3. The list of hotels and detail of each hotel is obtained from the TripAdvisor website.
4. **BeautifulSoup** library to is used to extract the data hotel page.

The extracted data is stored in a **CSV** file.  One for the list of hotels and another for the user reviews of each hotel.


## Website Screenshots
![](resources/images/2023-08-26-15-01-46.png)
![](resources/images/2023-08-26-15-02-52.png)
![](resources/images/2023-08-26-15-03-13.png)
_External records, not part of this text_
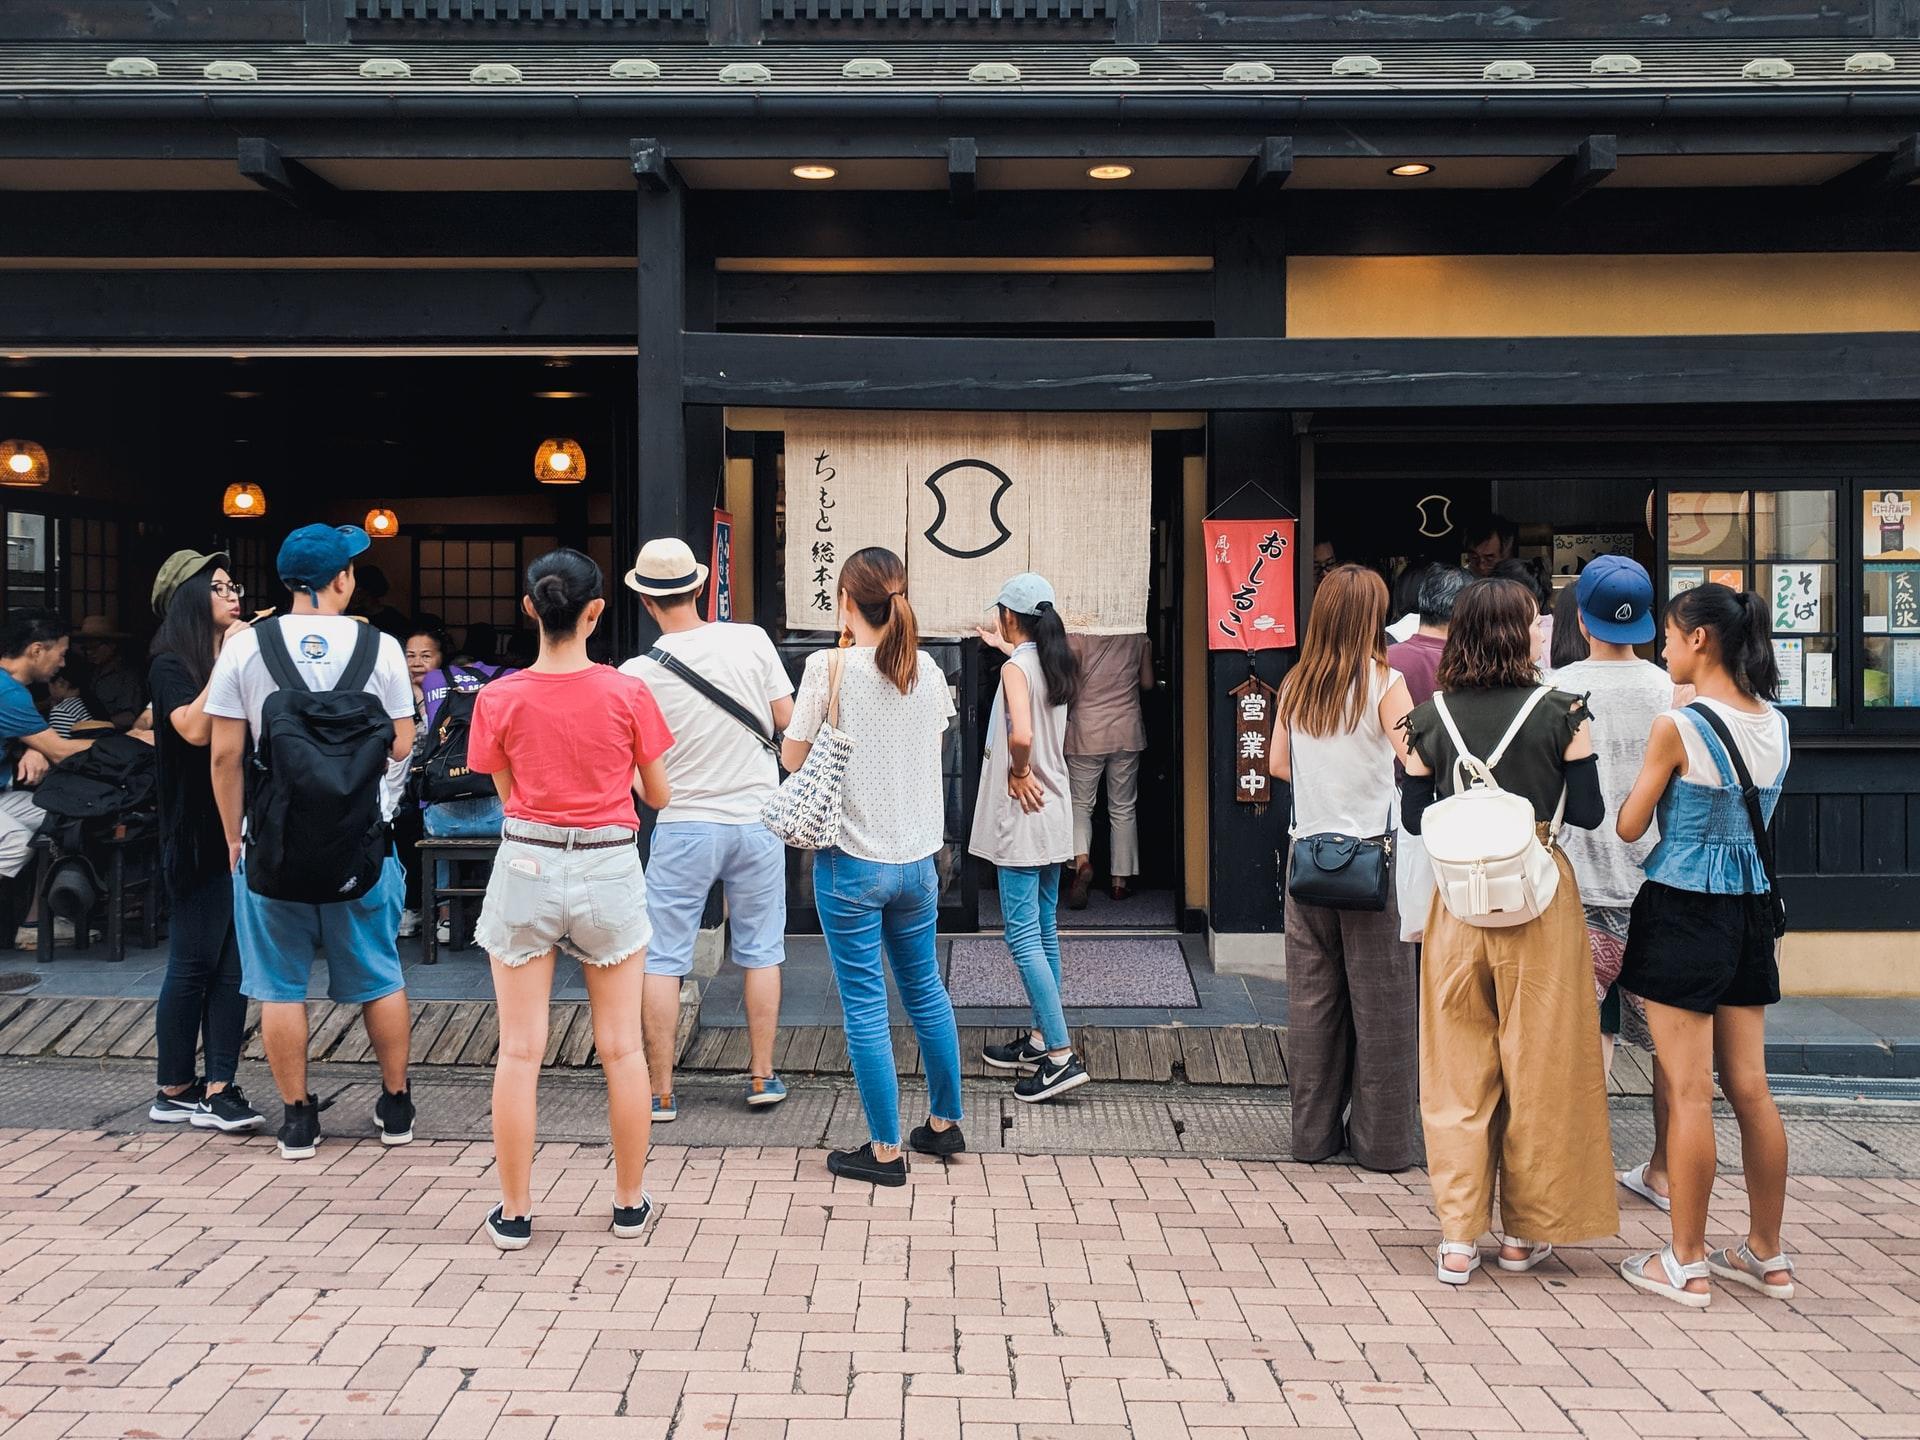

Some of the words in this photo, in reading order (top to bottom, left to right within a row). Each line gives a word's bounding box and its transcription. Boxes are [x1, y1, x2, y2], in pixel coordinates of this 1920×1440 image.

[1215, 534, 1231, 564] 風流
[1219, 530, 1288, 637] おしるこ
[1775, 568, 1796, 629] うどん
[1794, 571, 1818, 621] そば
[1894, 571, 1918, 627] 天然氷
[1240, 693, 1266, 797] 営業中
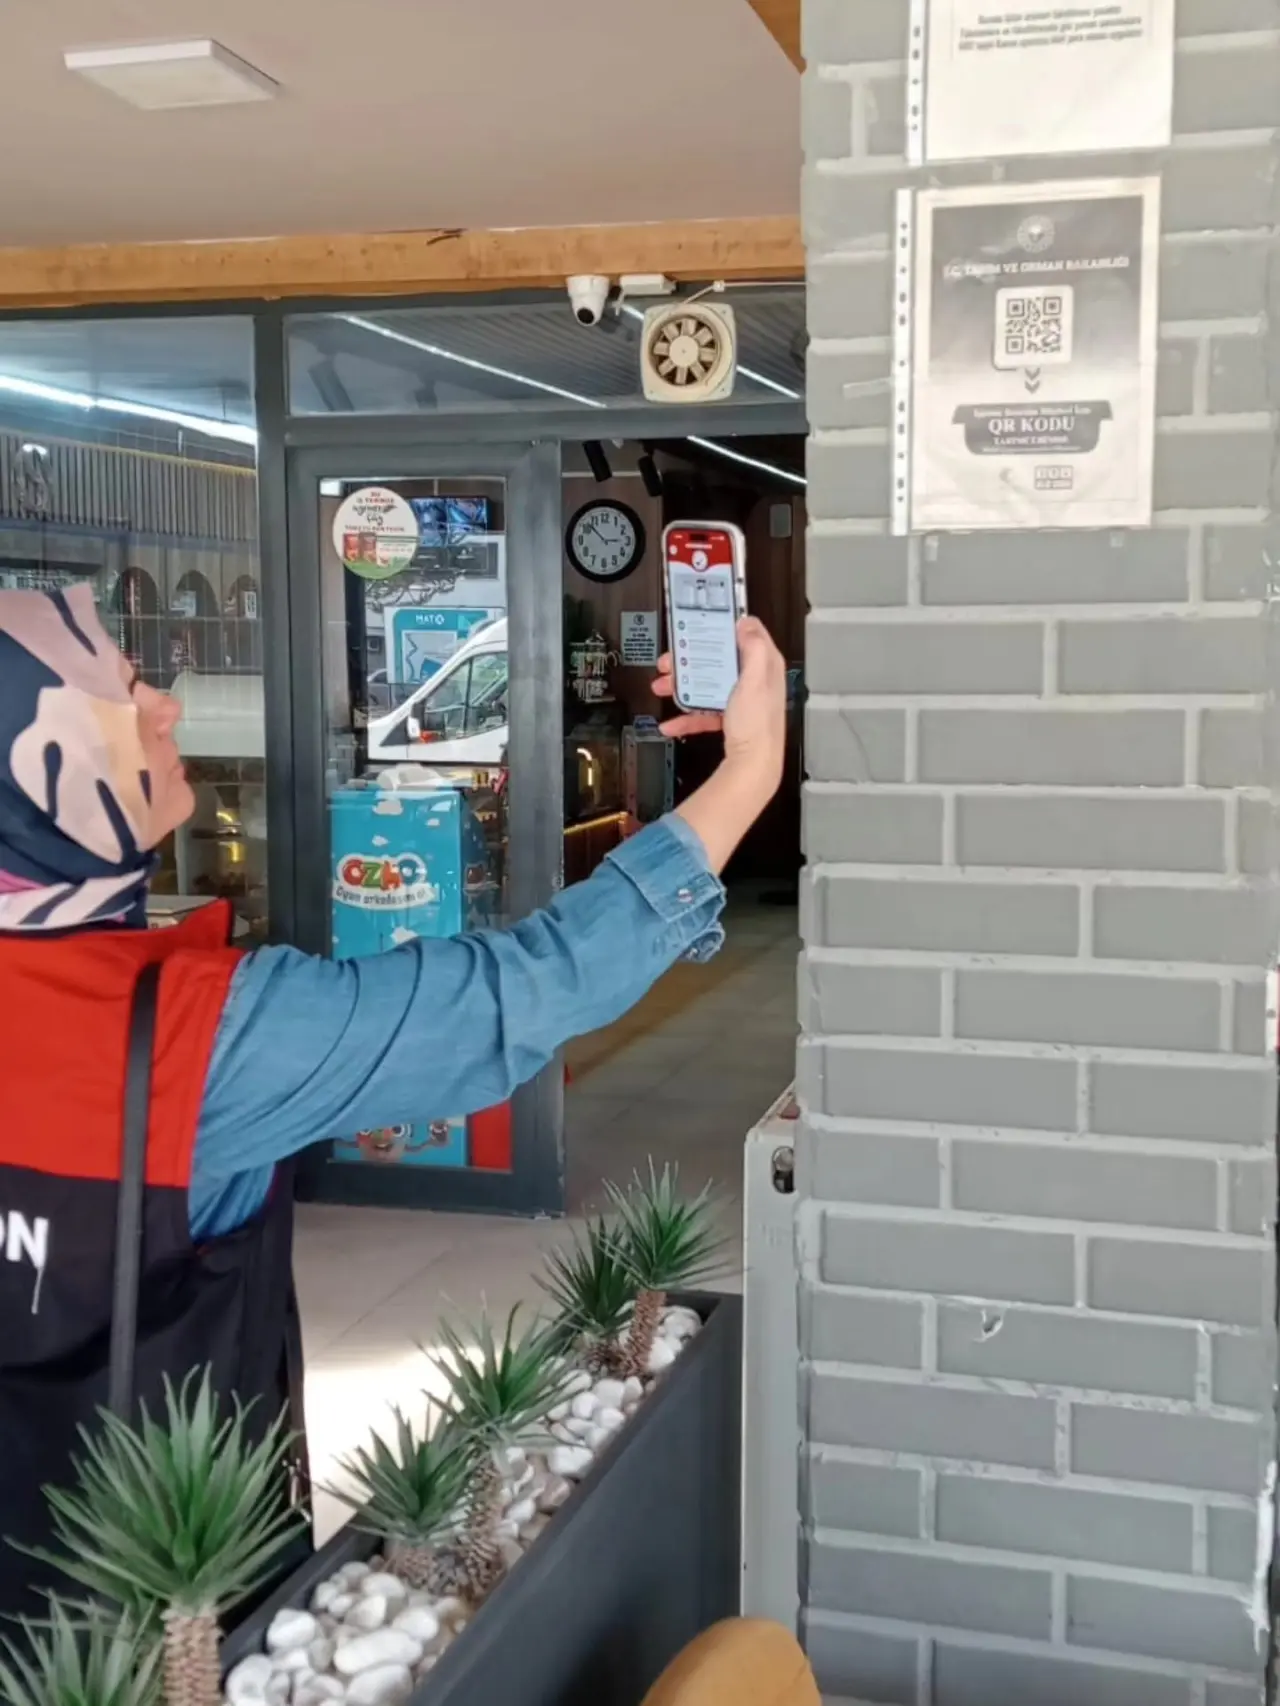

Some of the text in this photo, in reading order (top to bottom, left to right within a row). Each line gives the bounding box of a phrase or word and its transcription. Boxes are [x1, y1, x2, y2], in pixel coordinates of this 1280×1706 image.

[988, 415, 1076, 436] QR KODU
[600, 512, 610, 524] 12
[620, 524, 627, 536] 2
[624, 535, 632, 547] 3
[0, 1209, 50, 1274] N
## What are the list of the data that I have extracted?
| **Hotel Information** |                    |
|-----------------------|--------------------|
| Name                  | Name of the hotel  |
| URL                   | URL of the hotel   |
| Address               | Full address of the hotel |
| About                 | Description of the hotel |
| Review_Count          | Number of reviews of the hotel |
| Rating                | Rating of the hotel (1 to 5) |
| Rating_Description    | Description of the rating (Excellent, Very Good, Average, Poor, Terrible) |
| Rating_Location       | Rating of the location (1 to 5) |
| Rating_Cleanliness    | Rating of the cleanliness (1 to 5) |
| Rating_Service        | Rating of the service (1 to 5) |
| Rating_Value          | Rating of the value (1 to 5) |
| Property_Amenities    | List of amenities of the hotel |
| Room_Features         | List of room features of the hotel |
| Room_Types            | List of room types of the hotel |
| Hotel_Class           | Hotel class (1 to 5 stars) |
| Walkability_Score     | Walkability score of the hotel |
| Walkability_Description | Description of the walkability score (Great for walkers, somewhat walkable, etc) |
| Nearby_Restaurant_Count | Number of restaurants near the hotel |
| Nearby_Attraction_Count | Number of attractions near the hotel |
| Price_Range           | Price range of the hotel in PHP |
| Old_Name              | Old name of the hotel |
| Room_Count            | Number of rooms of the hotel |


| **Hotel Review** |                    |
|-----------------------|--------------------|
| Name                  | Name of the hotel  |
| Rating                | Reviewer's rating |
| Rating_Date           | Date of the review |
| Title                 | Title of the review |
| Content               | Content of the review |
| Visit_Date            | Date when the customer visited the hotel |
| URL                   | URL of the review |

In [2]:
# The full code is in the file `tripadvisor/hotel.py``
from tripadvisor.hotel import TripadvisorHotel

NUM_PAGES = 1 # Number of pages to scrape.  The total number of hotels scraped is NUM_PAGES * 30

# List of locations to scrape.  
#  Note that if the location is present in datasets/locations.json, the location will be scraped. 
#  Otherwise, the location will have to be obtained from RapidAPI's Tripadvisor API, which require credential access.
#  The locations available are: Manila, Baguio, Cavite, and Tagaytay
locations = ["Manila", "Cavite","Tagaytay"] 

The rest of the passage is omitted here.